Atrial Fibrillation (Afib) specialist AtriCure, Inc., has announced the FDA’s approval to begin enrollment in a new clinical study of AtriCure’s AtriClip® Left Atrial Appendage Exclusion System. The study will evaluate the use of the AtriClip device to prevent stroke in patients with Afib.
The association between Afib and stroke risk is well established, studies having suggested that patients with Afib have a 500% increased risk of stroke compared with the general public. Add to that clinical findings that Afib related strokes are associated with higher morbidity and mortality than non-Afib related strokes.
The LAA is quite the buzz-phrase at the moment, especially with the news that Boston Scientific’s Watchman LAA occlusion device is shortly to be reviewed by the FDA’s circulatory devices panel. As a reminder, the LAA is a muscular pouch attached to the heart, and has been found to be the source of approximately 90% of thrombi in Afib patients evaluated after a confirmed stroke. By closing it, using mechanical means, it is expected that risk of thrombus formation and embolus generation during bouts of Afib, will be minimised with an associated reduction in incidence of stroke in this at-risk group.
Following earlier granting of a 510(k) marketing clearance, AtriCure’s AtriClip LAA Exclusion System is already indicated for the occlusion of the left atrial appendage, under direct visualization, in conjunction with other open cardiac surgical procedures. That clearance, which dates back to 2010, was based upon the successful results of the EXCLUDE trial in which complete and permanent exclusion of the LAA was confirmed in 98.4% of patients by a three month post procedure CT scan with zero complications or adverse events.
The newly rubber-stamped feasibility study will enroll Afib patients at seven medical centers across the USA. The study will focus on patients with risk factors that place them at significant risk of stroke as well as substantial bleeding risks that contraindicate them for anticoagulation therapy due to excessive risk of bleeding, estimated to be up to 40% of patients.
During the feasibility study, surgeons will place the AtriClip device directly onto the base of the LAA while the heart is still beating, using a minimally invasive approach. Complete exclusion of the LAA will be confirmed during the procedure using echo graphic imaging. Three months following the procedure, a computerized tomography (CT) scan will be performed to re-confirm complete and permanent LAA exclusion on all patients.
“Managing high risk Afib patients requires balancing the risk of stroke against the risk of major bleeding,” said Dr.
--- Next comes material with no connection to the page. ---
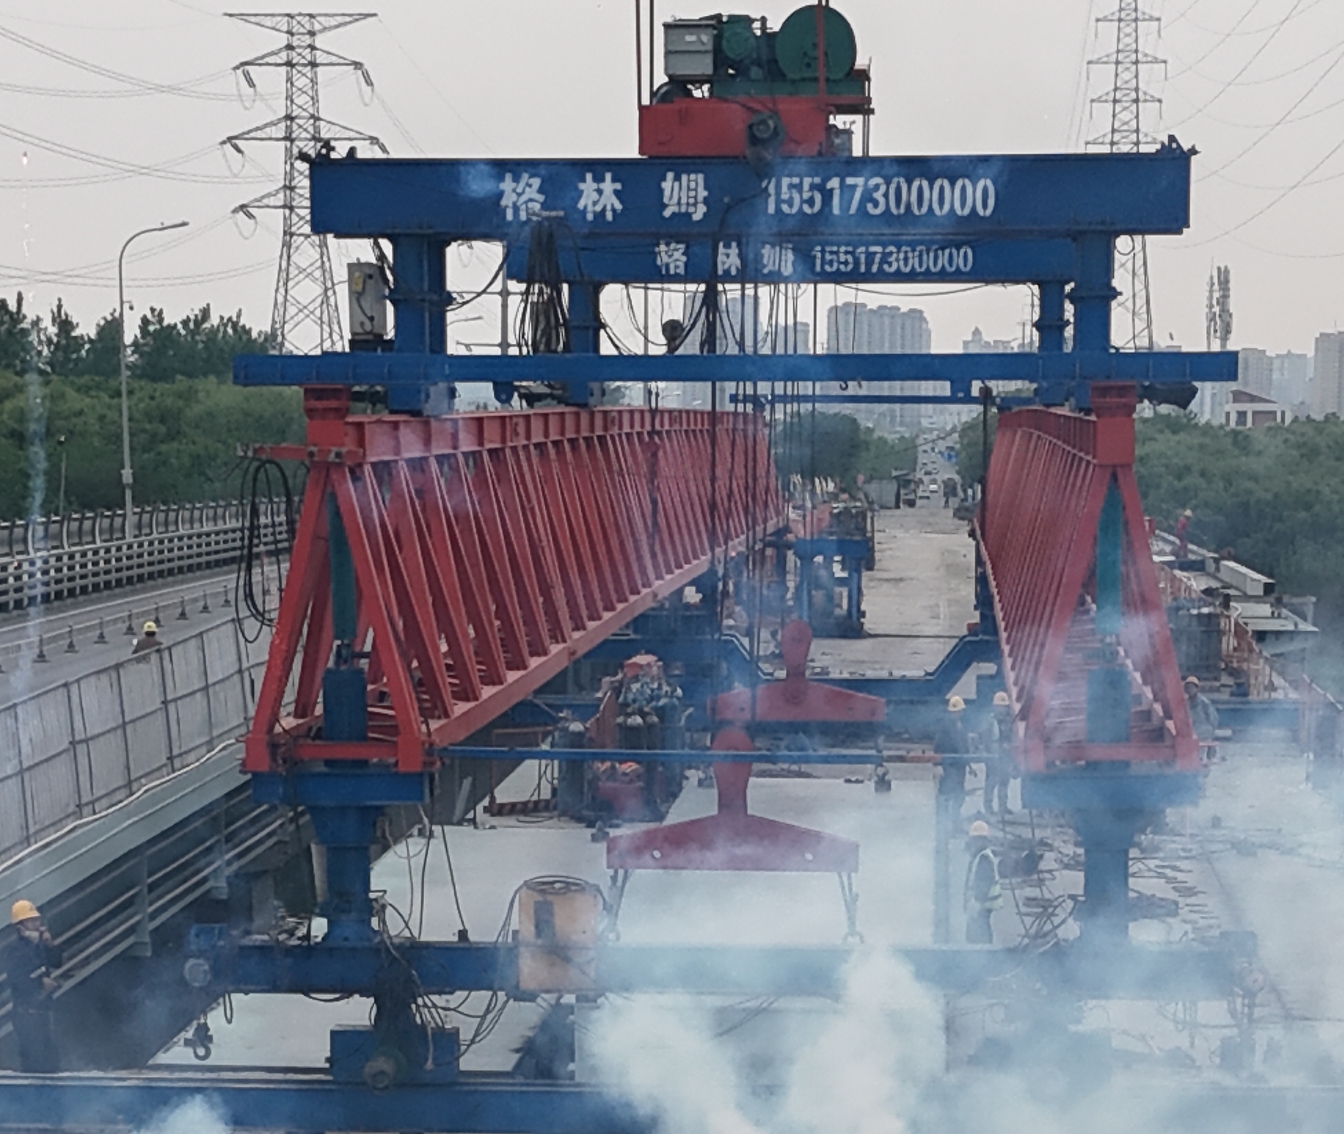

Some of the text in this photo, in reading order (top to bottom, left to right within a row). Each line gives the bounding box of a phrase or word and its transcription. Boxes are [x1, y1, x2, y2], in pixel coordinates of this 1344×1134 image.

[499, 172, 996, 222] 格林姆 15517300000
[812, 245, 974, 273] 15517300000
Basel Ramlawi, a cardiothoracic surgeon at Houston Methodist DeBakey Heart Center and the Principal Investigator in the study. “This study is a major step toward developing the clinical evidence necessary to establish a viable, safe and attractive alternative to life-long anticoagulation in Afib patients that currently have very limited options. This will have a favorable impact on patients and the healthcare system overall.”
“The Stroke Feasibility IDE study is significant because it is the first of its kind to focus entirely on a group of untreated and undertreated Afib patients that may benefit the most from total and permanent exclusion of their left atrial appendage,” said Michael Carrel, President and Chief Executive Officer of AtriCure. “This study is one of three FDA trials that AtriCure is currently running as part of our strategy to be the leader in developing proven and effective solutions for the worldwide Afib epidemic.”